Theorem 7. Given \(\rho _1\)-dFSS \(F_1\) for \(\mathcal {S} _1\) with share size \(\sigma _1\) and \(\rho _2\)-dFSS \(F_2\) for \(\mathcal {S} _2\) with share size \(\sigma _2\), there exists a \(\rho _1+\rho _2\)-dFSS \(\textsf {concat} [F_1,F_2]\) for \(\mathcal {S} _1 \times \mathcal {S} _2\) with share size \(\sigma _1+\sigma _2\). Furthermore, if \(F_1\) and \(F_2\) dFSS have pseduo-random keys, then so does \(\textsf {concat} [F_1,F_2]\).

Proof

Given encode functions \(\textsf {Encode} _1: \mathcal {S} _1 \rightarrow \mathbb {G} _1\) and \(\textsf {Encode} _2: \mathcal {S} _2 \rightarrow \mathbb {G} _2\) for dFSS \(F_1\) and \(F_2\) respectively, we define encode function for concat [\(F_1,F_2\)] \(\textsf {Encode}: \mathcal {S} _1 \times \mathcal {S} _2 \rightarrow \mathbb {G} _1 \times \mathbb {G} _2\) as:

$$ \textsf {Encode} (S_1,S_2) = (\textsf {Encode} _1(S_1),\textsf {Encode} _2(S_2)) $$

Note that this Encode function is efficiently invertible if the two component Encode functions are. Encodings with respect to the new Encode function form a group which is a direct product of the groups for the component FSS.

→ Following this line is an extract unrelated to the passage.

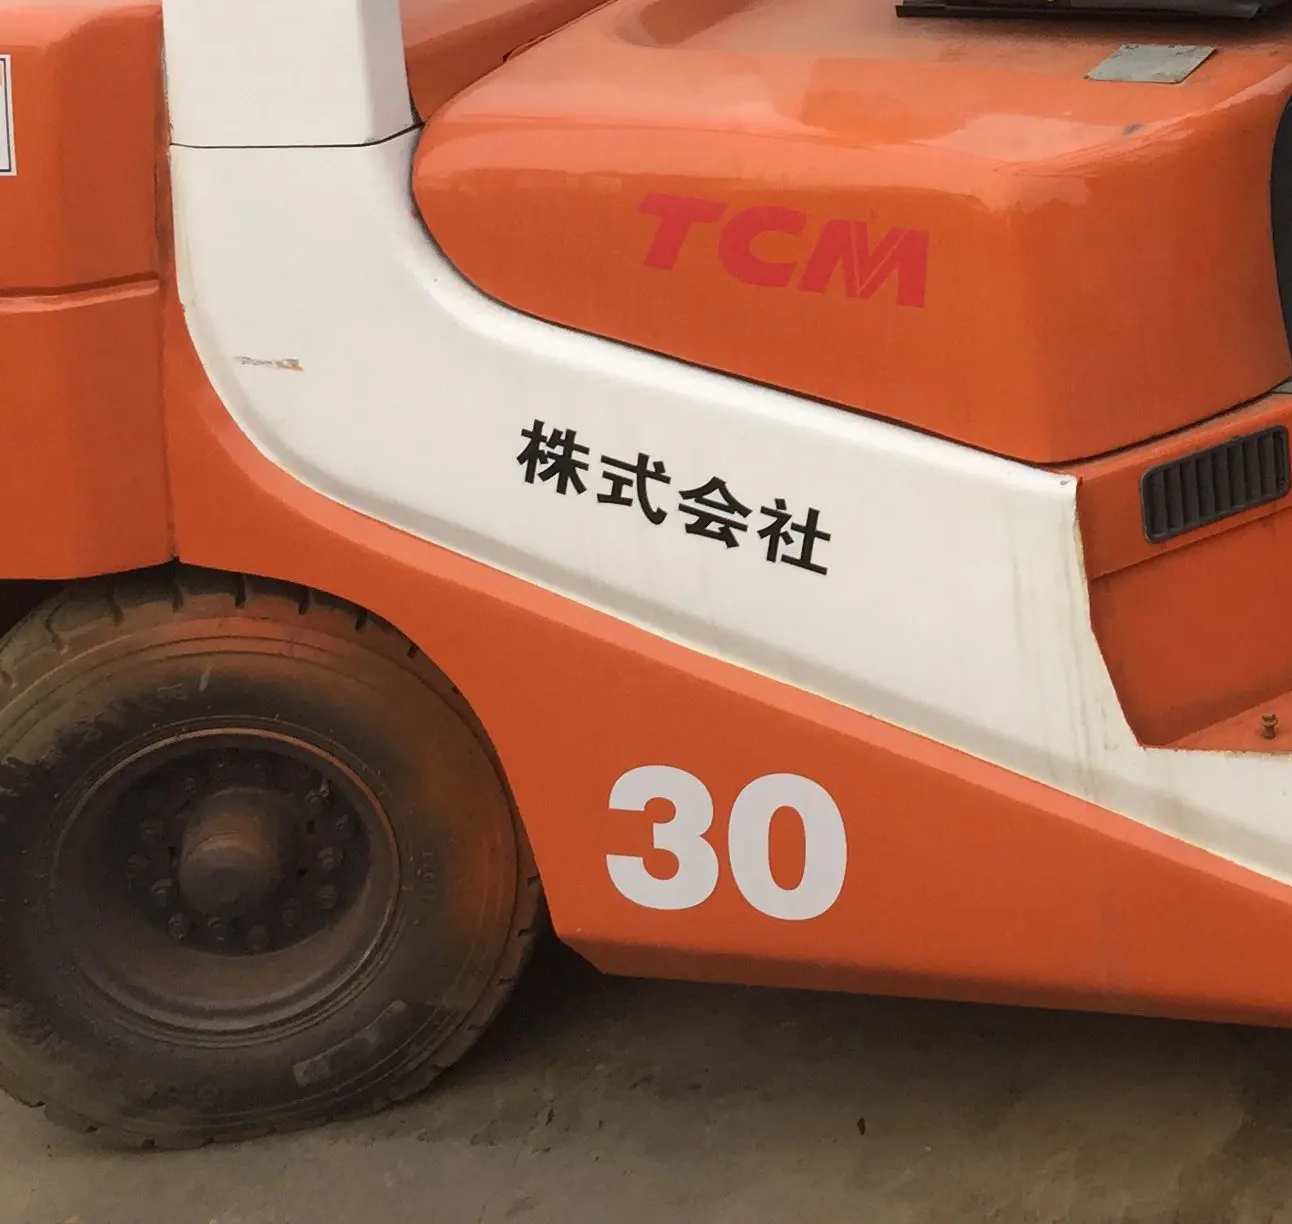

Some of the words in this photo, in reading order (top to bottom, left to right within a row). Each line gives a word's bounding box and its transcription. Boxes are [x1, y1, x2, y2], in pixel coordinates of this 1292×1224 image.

[637, 192, 930, 309] TCM
[516, 418, 832, 576] 株式会社
[605, 764, 848, 921] 30

  • Correctness: The correctness of \(F=\textsf {concat} [F_1,F_2]\) reduces to the correctness of \(F_1\) and \(F_2\). The first \(k_1\) bits of the term \(y=\sum _{\textsf {idx} \in \{0,1\}}\) \(F.\textsf {DEval} (\textsf {idx},(k_\textsf {idx} \) \(,\textsf {Encode} (S_1,S_2)-(R_1,R_2)),(x,y)) \) equal \(\sum _{\textsf {idx} \in \{0,1\}}\) \(F_1{.}\textsf {Eval} (\textsf {idx},(k_\textsf {idx},\textsf {Encode} (S_1)-R_1),x) \) and the last \(k_2\) bit of y equal \(\sum _{\textsf {idx} \in \{0,1\}}\) \(F_2{.}\textsf {Eval} (\textsf {idx},(k_\textsf {idx},\textsf {Encode} (S_2)-R_2),x) \). Hence, \(y=0^{k_1+k_2}\) for \((x,y) \in S_1 \times S_2\). And if \(x \not \in S_1\), the first \({k_1}\) bits are not all zero bits with probability at least \(p_1\), and if \(x \not \in S_2\), the last \({k_2}\) bits are not all zero bits with probability at least \(p_2\).

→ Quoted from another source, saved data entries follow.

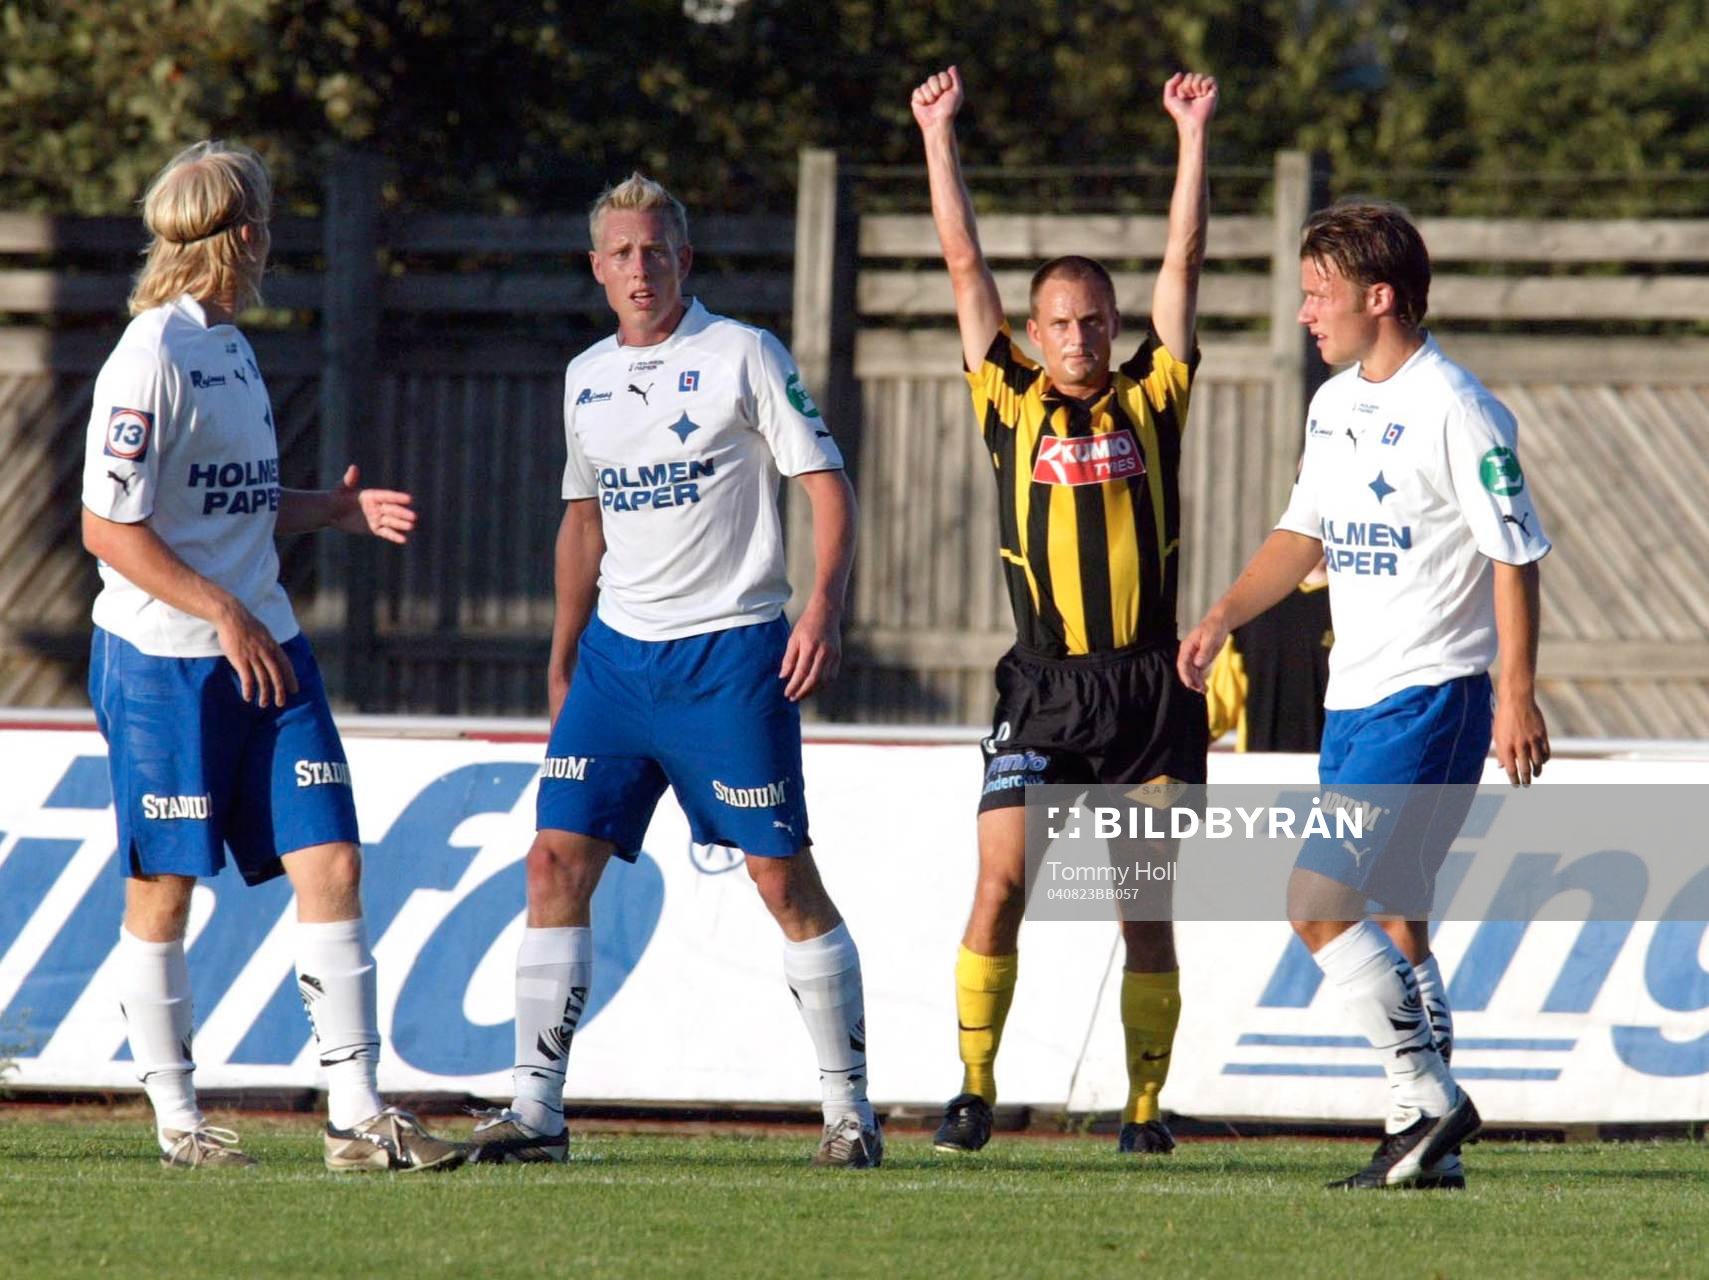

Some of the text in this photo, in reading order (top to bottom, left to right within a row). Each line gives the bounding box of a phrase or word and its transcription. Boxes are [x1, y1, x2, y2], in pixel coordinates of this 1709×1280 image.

[113, 421, 144, 445] 13
[596, 457, 716, 489] OLMEN
[602, 482, 701, 512] PAPER
[141, 792, 213, 820] STADIU
[712, 779, 786, 808] STADIUM

  • Security: The simulator \(\textsf {Sim} \) for \(\textsf {concat} [F_1,F_2]\) invokes the simulators for \(F_1\) and \(F_2\), which output \((k_0,\textsf {offset} _0)\) and \((k_1,\textsf {offset} _1)\). Then \(\textsf {Sim} \) outputs \(((k_0,k_1),(\textsf {offset} _0,\textsf {offset} _1))\).

  • Extractability: This is reduced to the extractability property of the two underlying dFSS \(F_1\) and \(F_2\) as shown in Fig. 13.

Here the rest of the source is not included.